The transition is anything but easy. The children claim he has “The Plague” and avoid touching him. They compare him to movie characters who have had their faces badly burned in fires. He is bullied and frankly, psychologically tormented. But because of an orientation that introduces him to a few kids, he finds a friend in Jack Will. Jack Will and a girl named Summer become his two friends in a sea of bullies, until he overhears something one day that makes him think it’s all been a lie.

The book varies in narrators, going back and forth between Auggie, Auggie’s older sister Via, Jack Will, Summer and several others. Each of them are going through a tough time, mostly because of the drama that comes with being close to Auggie. But they love him despite it all. That loves forces them to stand up for him to everyone else.
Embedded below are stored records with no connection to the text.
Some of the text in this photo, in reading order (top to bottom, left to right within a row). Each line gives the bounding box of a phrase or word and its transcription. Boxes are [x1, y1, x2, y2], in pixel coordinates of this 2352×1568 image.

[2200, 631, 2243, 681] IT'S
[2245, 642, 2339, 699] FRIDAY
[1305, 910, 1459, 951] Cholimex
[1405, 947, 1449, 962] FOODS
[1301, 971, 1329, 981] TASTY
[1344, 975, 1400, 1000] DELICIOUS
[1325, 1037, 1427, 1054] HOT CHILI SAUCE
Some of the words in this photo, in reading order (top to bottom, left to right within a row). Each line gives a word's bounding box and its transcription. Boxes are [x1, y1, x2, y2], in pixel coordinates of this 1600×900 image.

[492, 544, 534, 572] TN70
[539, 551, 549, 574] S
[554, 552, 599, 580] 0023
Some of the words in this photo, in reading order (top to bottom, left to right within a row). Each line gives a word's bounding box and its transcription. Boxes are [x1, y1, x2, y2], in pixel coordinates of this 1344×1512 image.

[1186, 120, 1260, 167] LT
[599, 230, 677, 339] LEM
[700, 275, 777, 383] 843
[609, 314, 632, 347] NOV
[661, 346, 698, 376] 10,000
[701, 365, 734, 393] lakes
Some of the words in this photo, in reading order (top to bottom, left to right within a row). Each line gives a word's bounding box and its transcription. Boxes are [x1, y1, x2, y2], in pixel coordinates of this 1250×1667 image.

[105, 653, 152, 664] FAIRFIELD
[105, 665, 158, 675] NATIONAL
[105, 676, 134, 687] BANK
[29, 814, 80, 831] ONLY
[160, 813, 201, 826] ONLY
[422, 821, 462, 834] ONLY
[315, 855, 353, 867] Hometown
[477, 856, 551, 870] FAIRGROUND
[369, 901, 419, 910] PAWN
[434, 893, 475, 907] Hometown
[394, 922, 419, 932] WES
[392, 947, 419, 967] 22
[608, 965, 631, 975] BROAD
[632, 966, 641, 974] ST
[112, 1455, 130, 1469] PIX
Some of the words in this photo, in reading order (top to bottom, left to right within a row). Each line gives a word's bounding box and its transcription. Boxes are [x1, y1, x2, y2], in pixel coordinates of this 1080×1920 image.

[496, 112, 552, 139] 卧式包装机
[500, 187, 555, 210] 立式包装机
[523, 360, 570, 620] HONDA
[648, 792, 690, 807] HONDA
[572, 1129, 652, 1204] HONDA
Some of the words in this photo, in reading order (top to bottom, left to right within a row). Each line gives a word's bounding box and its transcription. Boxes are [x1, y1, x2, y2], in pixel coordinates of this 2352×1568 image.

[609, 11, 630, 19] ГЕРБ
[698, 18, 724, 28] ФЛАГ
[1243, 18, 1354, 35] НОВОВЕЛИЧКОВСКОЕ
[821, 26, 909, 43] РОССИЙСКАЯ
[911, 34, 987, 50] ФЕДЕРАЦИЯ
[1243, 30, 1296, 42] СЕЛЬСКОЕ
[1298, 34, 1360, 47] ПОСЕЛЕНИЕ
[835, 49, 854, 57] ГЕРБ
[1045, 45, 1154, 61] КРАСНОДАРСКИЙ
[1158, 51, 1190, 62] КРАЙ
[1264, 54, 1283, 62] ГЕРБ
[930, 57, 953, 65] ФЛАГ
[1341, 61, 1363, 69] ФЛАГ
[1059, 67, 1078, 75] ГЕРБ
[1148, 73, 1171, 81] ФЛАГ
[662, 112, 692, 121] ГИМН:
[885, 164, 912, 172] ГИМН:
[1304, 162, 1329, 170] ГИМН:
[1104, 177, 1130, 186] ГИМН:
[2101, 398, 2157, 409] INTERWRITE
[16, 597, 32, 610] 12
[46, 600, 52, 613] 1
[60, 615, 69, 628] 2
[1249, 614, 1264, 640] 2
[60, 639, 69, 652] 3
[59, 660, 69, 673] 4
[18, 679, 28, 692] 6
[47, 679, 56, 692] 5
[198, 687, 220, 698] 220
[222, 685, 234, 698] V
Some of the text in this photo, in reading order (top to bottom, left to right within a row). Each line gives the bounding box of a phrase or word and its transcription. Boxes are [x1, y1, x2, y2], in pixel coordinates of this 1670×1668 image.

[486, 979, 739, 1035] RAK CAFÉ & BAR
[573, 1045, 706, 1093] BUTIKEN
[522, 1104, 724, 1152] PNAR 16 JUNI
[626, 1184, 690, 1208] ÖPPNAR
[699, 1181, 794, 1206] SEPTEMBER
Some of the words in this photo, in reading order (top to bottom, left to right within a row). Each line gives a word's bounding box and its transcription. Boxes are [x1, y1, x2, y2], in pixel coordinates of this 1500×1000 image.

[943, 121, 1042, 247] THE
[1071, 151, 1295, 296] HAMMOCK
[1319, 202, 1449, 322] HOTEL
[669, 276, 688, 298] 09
Wonder is a beautiful young adult novel about friendship, love, kindness, and character over looks, and the movie follows the story closely bringing along with it the emotional impact that book left on my heart. Yes, both the book and movie are tearjerkers. And yes, as per usual, the movie eliminates some things. It cuts out one of Via’s friends entirely. It also decreases the number of narrators (the book has a few sections narrated by some tertiary characters as well) and removes the book’s epilogue. But none of these changes affect the story in any way or the intention behind any of the characters and their actions.

While reading the book, I wondered (see what I did there??) how the movie would pull it off. After all, the book revolves around mostly 10-year-old boys and girls. Would casting agents be able to find as many young actors as was needed for this story? But they did! Jacob Tremblay plays the perfect Auggie and with Julie Roberts and Owen Wilson playing his parents, there’s a good balance of emotion and humor.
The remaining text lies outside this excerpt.